Pumpkin bars. Pumpkin pie. Pumpkin ice cream. Every fall, consumers go a little pumpkin-spice crazy. Where is nearly all that processed pumpkin produced? Illinois.
“We are truly the pumpkin state,” says Mohammad Babadoost, U of I Extension specialist and plant pathology professor, adding that no other state comes close to Illinois’ pumpkin production. Babadoost believes the jack-o’-lantern pumpkin market, with several small-acreage farms around the state, results in 25,000 total acres across the state. More than the 17,400 pumpkin acres were reported by USDA in 2016. (See the infographic below for more details on Illinois pumpkin production.)

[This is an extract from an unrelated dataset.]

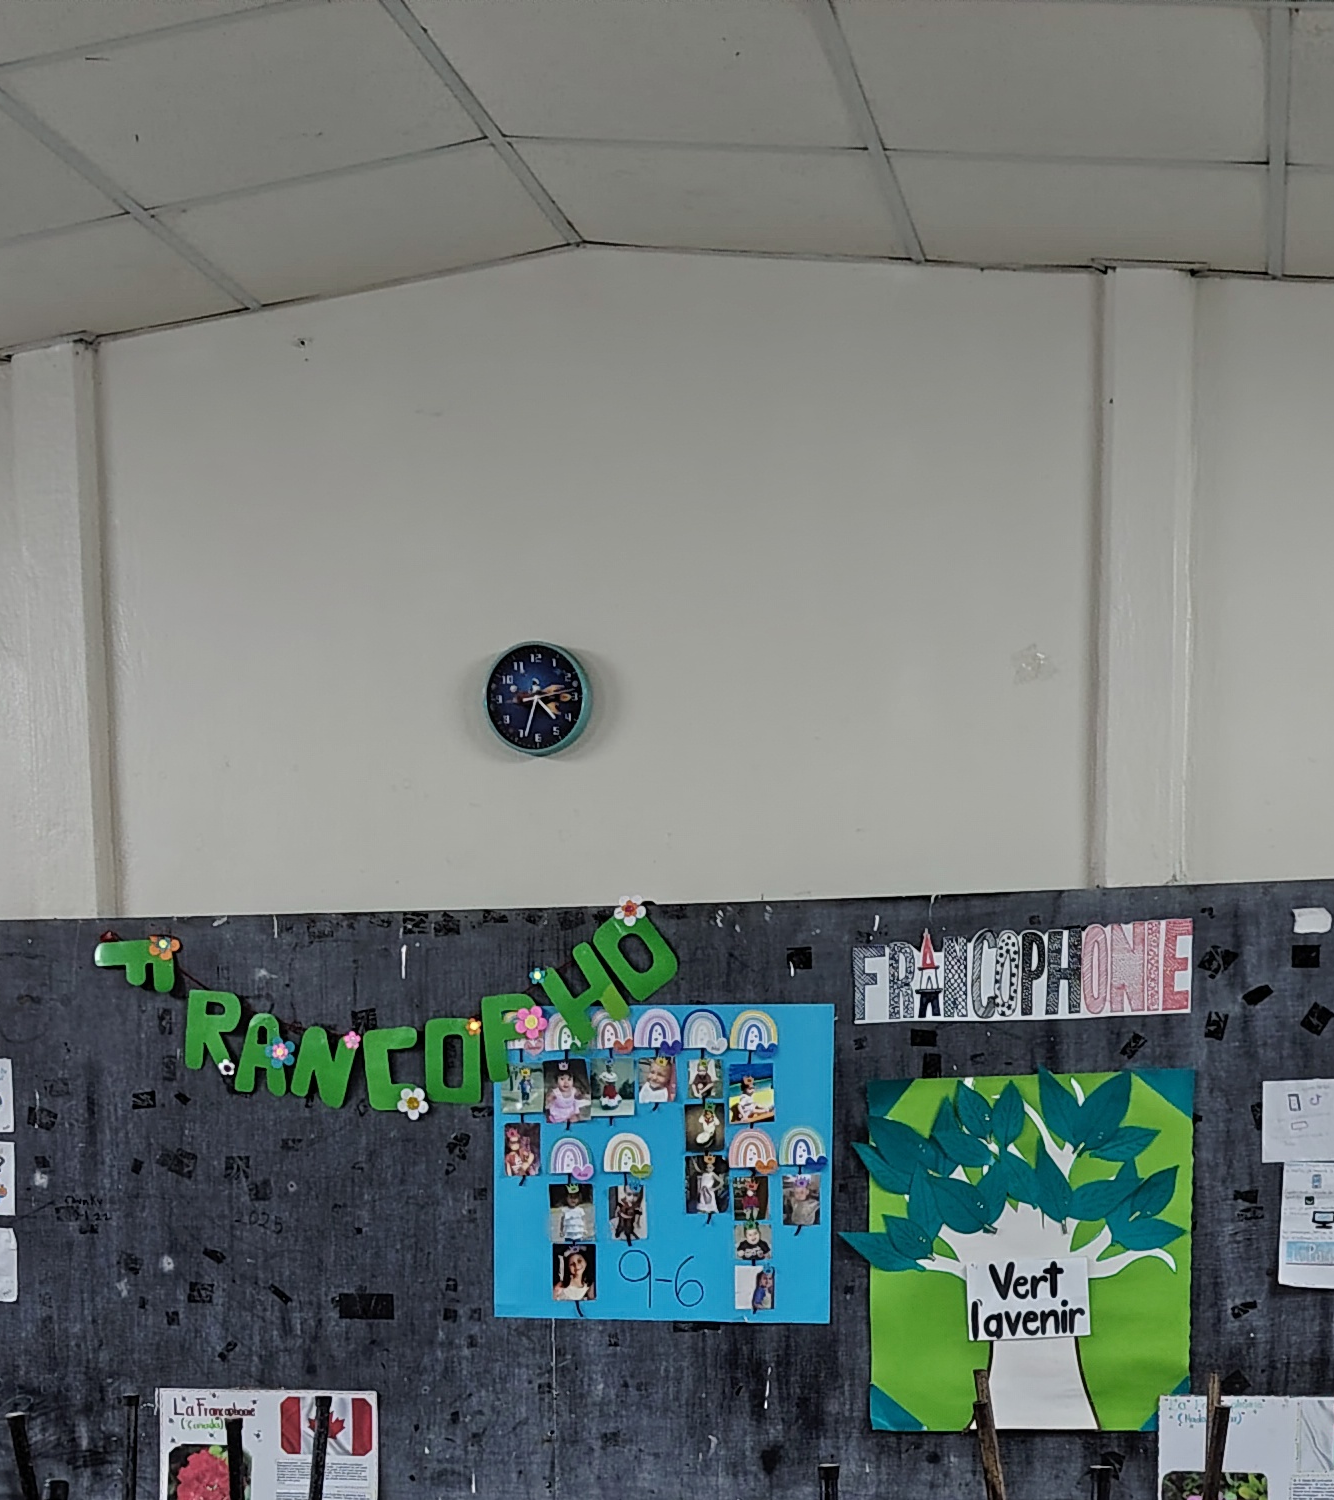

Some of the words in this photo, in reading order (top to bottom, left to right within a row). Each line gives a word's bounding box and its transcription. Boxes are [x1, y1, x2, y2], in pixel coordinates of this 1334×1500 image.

Morton, the self-proclaimed pumpkin capital of the world, is buzzing with activity as semis flow in and out of Nestle USA’s Libby Pumpkin facility. “This year’s crop is looking great,” says Allison Kolodziej Baker, Nestle USA. “The harvest began early last month, and will continue through October. Production is on target, and cans of this year’s pumpkin are already hitting store shelves for the upcoming baking season.”
Hot and dry conditions may not be ideal for all crops, but pumpkins are different. “Our pumpkins thrive in a hot, dry summer, so conditions in the Morton area were ideal for us,” explains Jim Ackerman, Libby’s agriculture manager. “Yields are a bit better than average this year.”
What are typical pumpkin yields? Babadoost says 23 tons (46,000 pounds) per acre is considered average for processed pumpkins, but 18 to 30 tons per acre is typical.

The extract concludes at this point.